Produces a Q-Q plot of residuals from a linear model to test for normality, optionally annotating outlier points and adding the Shapiro-Wilk test p-value.
Usage
lm_plot.qq(
mdl,
opt = list(),
parm = list(),
df = lm_plot.df(mdl),
plts = list()
)
Arguments
- mdl
A fitted model object (typically from
lm
).- opt
List of options, where
pval.SW
(logical, default = FALSE) indicates whether to include Shapiro-Wilk p-value on the plot.- parm
List of plotting parameters, usually from
lm_plot.parms()
.- df
Data frame with augmented model data.

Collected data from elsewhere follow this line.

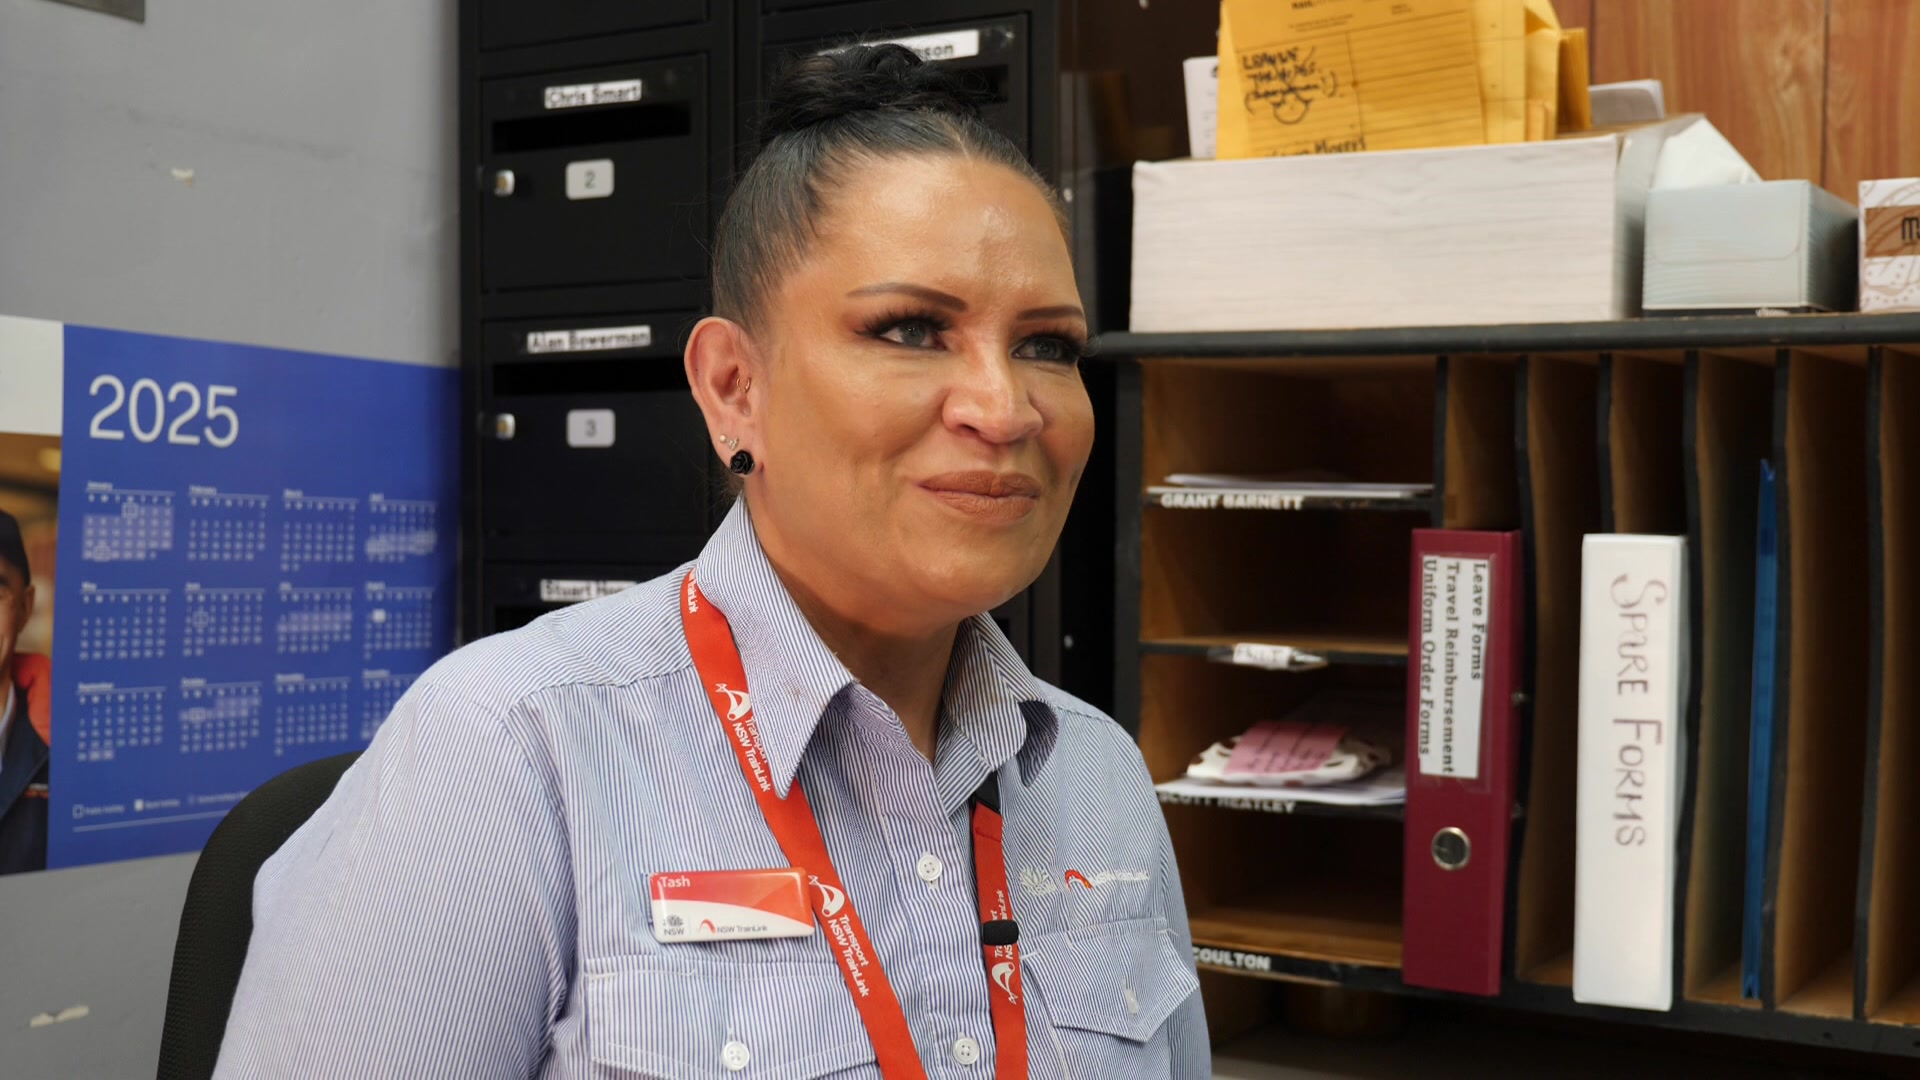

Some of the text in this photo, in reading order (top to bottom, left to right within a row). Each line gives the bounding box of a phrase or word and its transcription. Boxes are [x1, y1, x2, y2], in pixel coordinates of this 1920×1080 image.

[549, 83, 639, 107] Chris Smart
[584, 169, 596, 189] 2
[531, 328, 648, 351] Alan Bowerman
[89, 374, 239, 448] 2025
[585, 418, 598, 438] 3
[1160, 493, 1304, 510] GRANT BARNETT
[545, 580, 591, 597] Stuart
[1471, 563, 1487, 681] Leave Forms
[1420, 559, 1438, 755] Uniform Order Forms
[1442, 562, 1460, 773] Travel Reimbursement
[732, 722, 771, 793] NSW TrainLink
[1612, 718, 1662, 847] FORMS
[660, 875, 690, 888] Tash
[664, 928, 684, 936] NSW
[717, 925, 768, 934] NSW TrainLink
[839, 913, 869, 967] Transport
[827, 918, 869, 997] NSW TrainLink

Defaults to
lm_plot.df(mdl)
.- plts
List of ggplot objects to which this plot will be added.
Value
A list containing:
mdl
Fitted model object,opt
Options used, includingpval.SW
,parm
Parameter list with Shapiro-Wilk test results added,df
Data frame used for plotting,plts
List of ggplot objects, including the$qq
element.
Details
The plot visualizes the distribution of residuals against theoretical normal quantiles. Points are colored and shaped by outlier status, and a reference Q-Q line is added. Optionally, outlier and regular points can be labeled. If enabled, the Shapiro-Wilk normality test p-value is displayed.